Egli chiarisce che il concetto di persona è «invenzione cristiana» (p. 48), tutta
cristiana, tutta «trinitaria», dunque né greca né romana, come invece sostiene qualche filosofo (ad esempio, Roberto Esposito), che trae spunto dalla «romanità» del
concetto di persona per contestarne l’universalità. Il cristianesimo si è certo inculturato nella grande civiltà greco-romana, ma immettendo in questa valori che rendono improponibile una «teologia politica» alla Carl Schmitt, «per il quale fede e
potere si dividerebbero le sfide della storia: al potere l’esperienza, alla fede l’attesa
[...]. L’innesto della tradizione cristiana si afferma elaborando il concetto di “persona”, questo sì chiave di volta della concezione teologica della politica, somma in
sé di singolarità e relazione in tensione unitiva» (p. 45). Se si mette tra parentesi
Dio, allora non ha più senso nemmeno proporsi il «bene comune» come fine dell’agire politico, né vivere e soffrire per esso. Ma oggi «abbiamo più che mai bisogno in politica di uomini e di donne disposti a soffrire per la verità, pronti a non
cedere al compromesso morale, decisi nel rifiutare la menzogna e il vantaggio egoistico, testimoni di valori assoluti in prima persona» (p. 47); proprio per questo «c’è
bisogno di una teologia teologica che parli di Dio innanzitutto» (p. 144).

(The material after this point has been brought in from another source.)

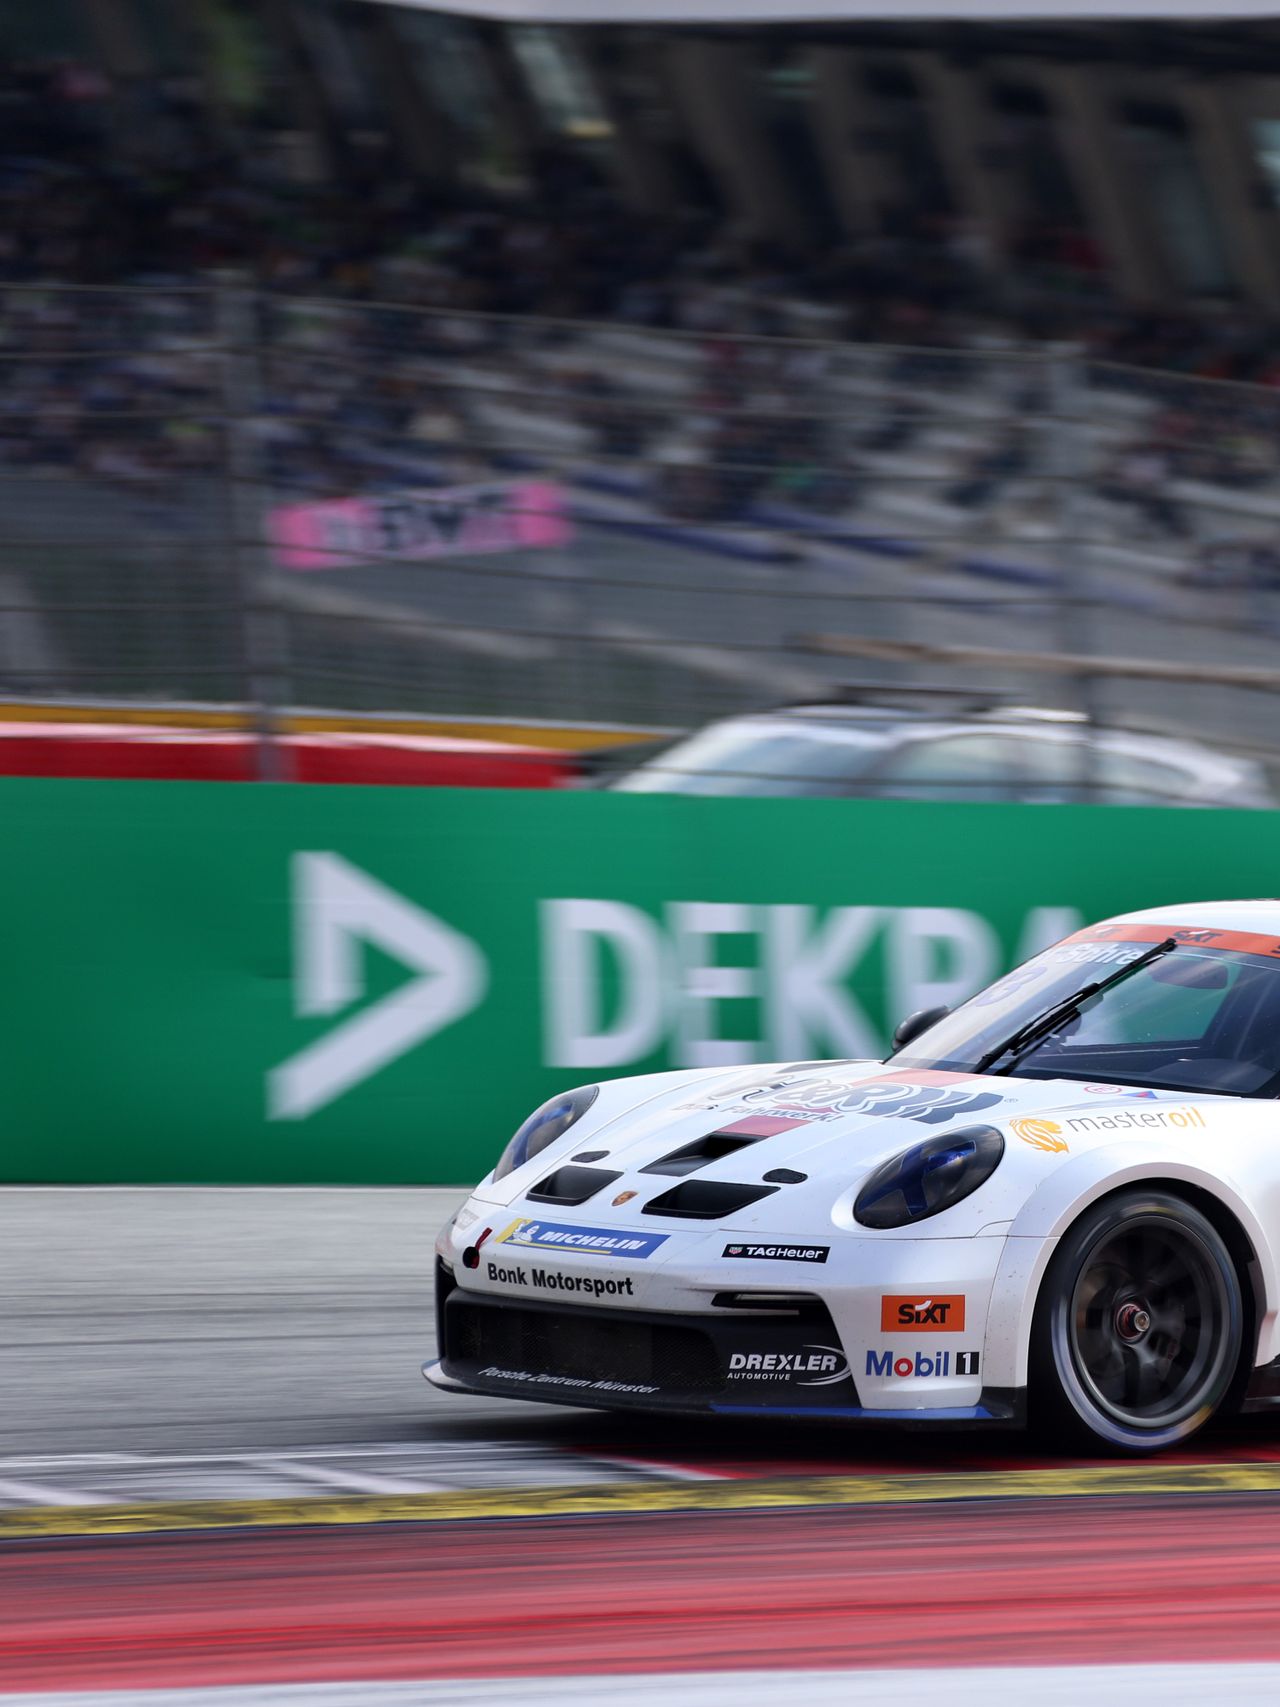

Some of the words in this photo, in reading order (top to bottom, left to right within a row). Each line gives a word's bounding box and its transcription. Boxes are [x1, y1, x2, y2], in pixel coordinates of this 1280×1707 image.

Bruno Forte, «in prima persona», dà il buon esempio di una siffatta teologia
anche con il suo assiduo intervenire in campo giornalistico («Jesus», «Famiglia Cristiana», «Mattino», «Il Sole-24 Ore», «Corriere della Sera»): «Come Chiesa dobbiamo essere liberi e coraggiosi, non identificarci con questa o quella posizione politica, facendo così vacillare la nostra credibilità» (p. 91). Di questo coraggio Forte
diede sofferta e limpida testimonianza quando, nel 1985, la sua relazione di apertura
al convegno di Loreto fu contestata «da una lettera di protesta, arrivata da Roma
senza firma». Gli veniva rimproverato il suo «no» al «collateralismo». Ma ecco che
qualche tempo dopo lo stesso Giovanni Paolo II esortò i cattolici a superare ogni collateralismo politico. Il cardinale Ratzinger gli manifestò più volte la sua fiducia,
come quando gli diede la presidenza del gruppo di lavoro per il documento Memoria e riconciliazione: «Ho conosciuto un magistero dal volto amico». Anche le accuse di hegelismo sono in definitiva diventate «una via» per farle cadere. Proprio il
paradossale «incontro nel tempo con l’Eterno-nel-tempo» – come si esprime Kierkegaard – è la condizione per incontrare con il pensiero Dio in quanto altro rispetto
allo stesso pensiero, dunque a prescindere da ogni mediazione ontoteologica che ne
accomodi ed intorbidi l'alterità: «Ecco il Dio di tenerezza calato nella storia, a dirci
anche che l’incontro con Lui è dentro il nostro impegno nella storia: che non consacra di eternità il presente, ma in un certo senso storicizza l’Eterno senza dissolverne
la trascendenza» (p. 44). Nella sua «Simbolica» c’era tutt’altro che hegelismo; c’era
una concezione della storia incentrata sulla libertà di Dio e dell’uomo, su un rapporto d’amore irriducibile a necessità; c’era «l’amore a Cristo e alla Chiesa» (p. 101).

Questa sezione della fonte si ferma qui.